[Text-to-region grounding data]
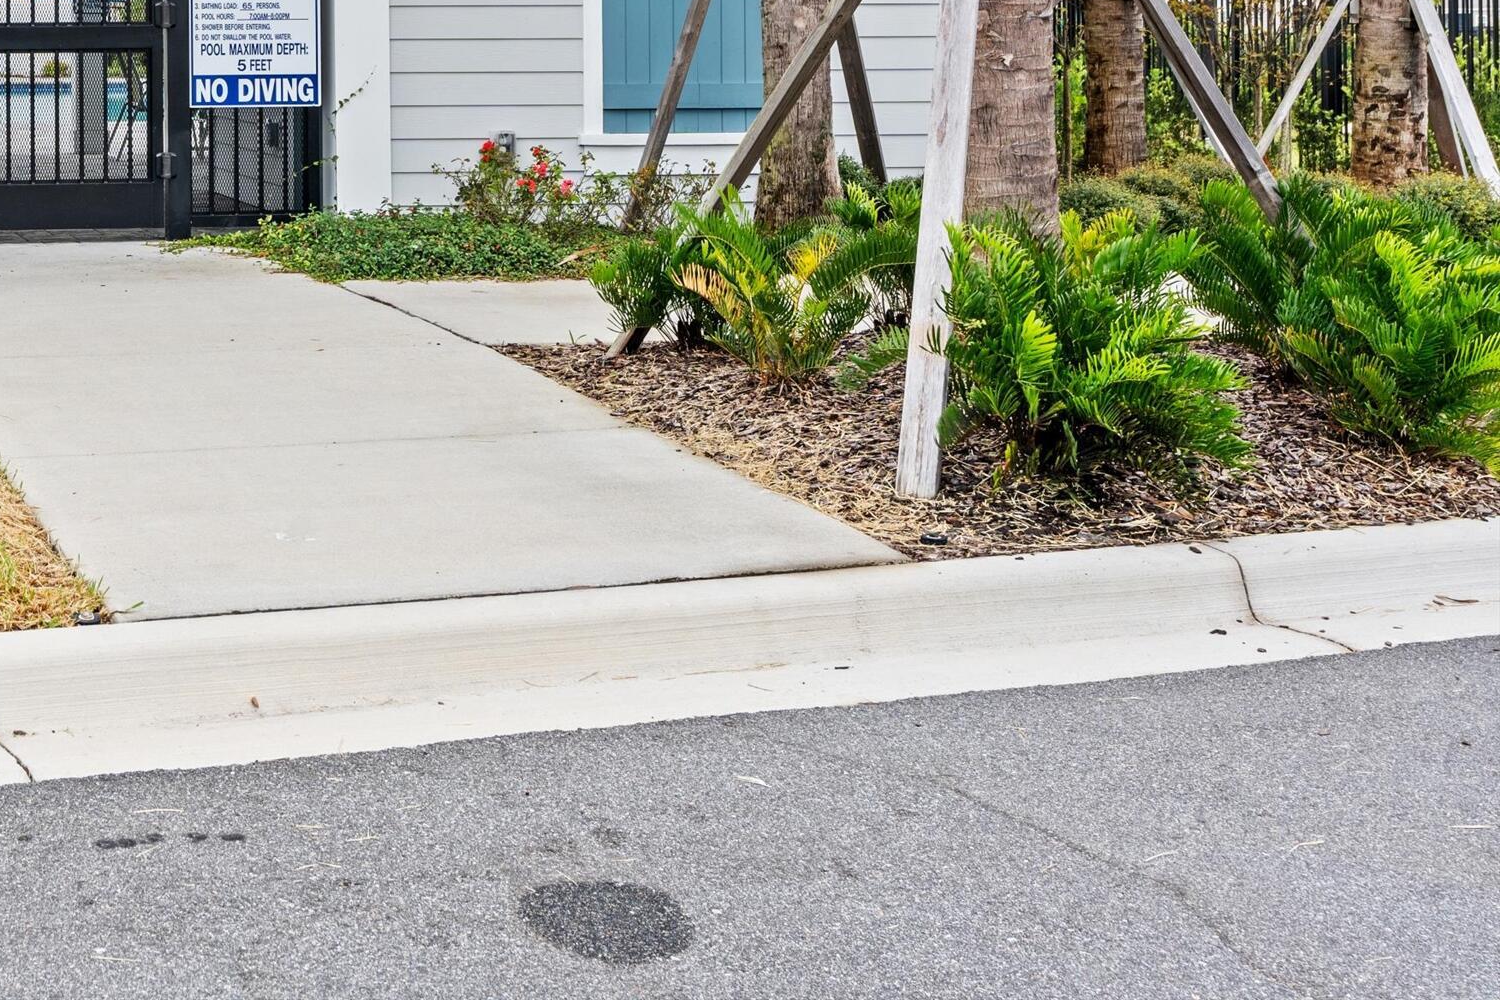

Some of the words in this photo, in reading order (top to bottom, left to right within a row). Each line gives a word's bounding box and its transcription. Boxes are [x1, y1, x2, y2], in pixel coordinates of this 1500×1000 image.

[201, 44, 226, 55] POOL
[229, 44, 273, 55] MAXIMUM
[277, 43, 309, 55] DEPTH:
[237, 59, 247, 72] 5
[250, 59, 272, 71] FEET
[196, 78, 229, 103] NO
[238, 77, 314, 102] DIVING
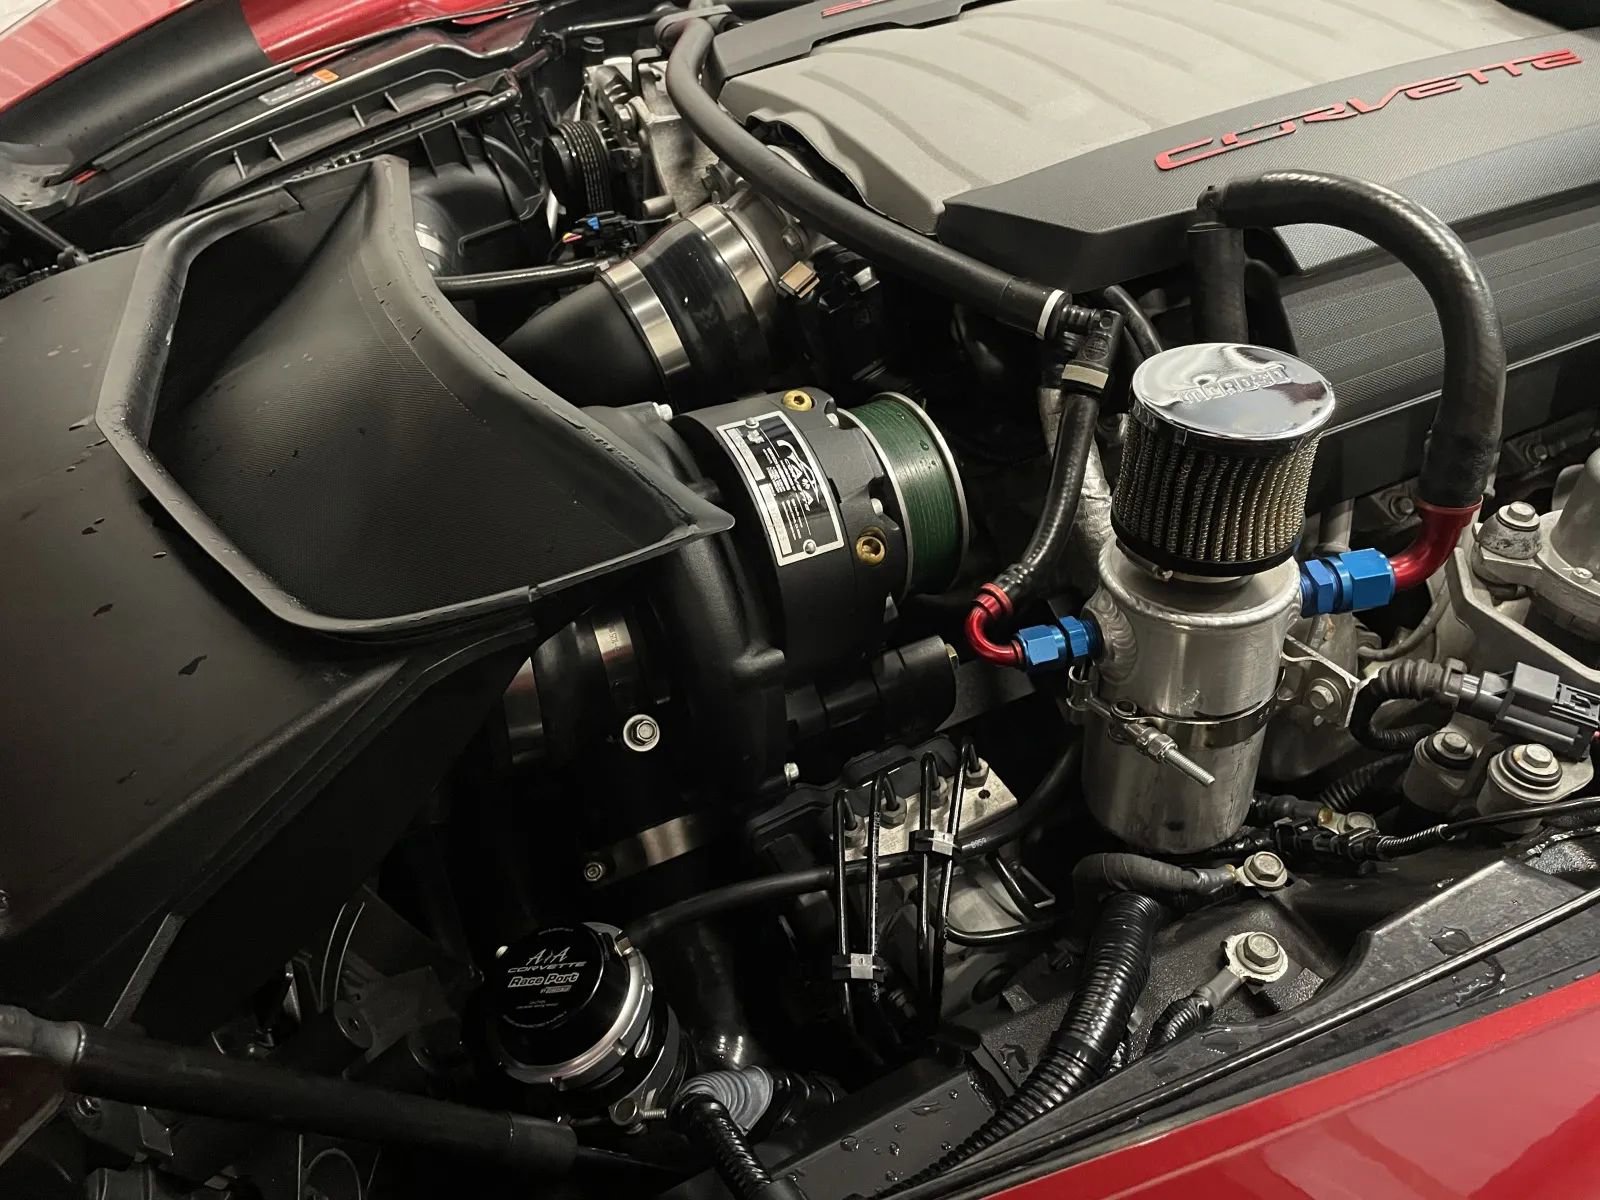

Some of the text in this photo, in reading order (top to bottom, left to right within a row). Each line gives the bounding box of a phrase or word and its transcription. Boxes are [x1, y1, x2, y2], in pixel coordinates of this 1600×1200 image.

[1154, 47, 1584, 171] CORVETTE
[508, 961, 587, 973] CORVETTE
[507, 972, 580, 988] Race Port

• [Aim of the task] Each line from the one containing "Some of the text" to the end of the records should be echoed exactly, and no other line.

• [Your solution]
Some of the text in this photo, in reading order (top to bottom, left to right within a row). Each line gives the bounding box of a phrase or word and its transcription. Boxes are [x1, y1, x2, y2], in pixel coordinates of this 1600×1200 image.

[1154, 47, 1584, 171] CORVETTE
[508, 961, 587, 973] CORVETTE
[507, 972, 580, 988] Race Port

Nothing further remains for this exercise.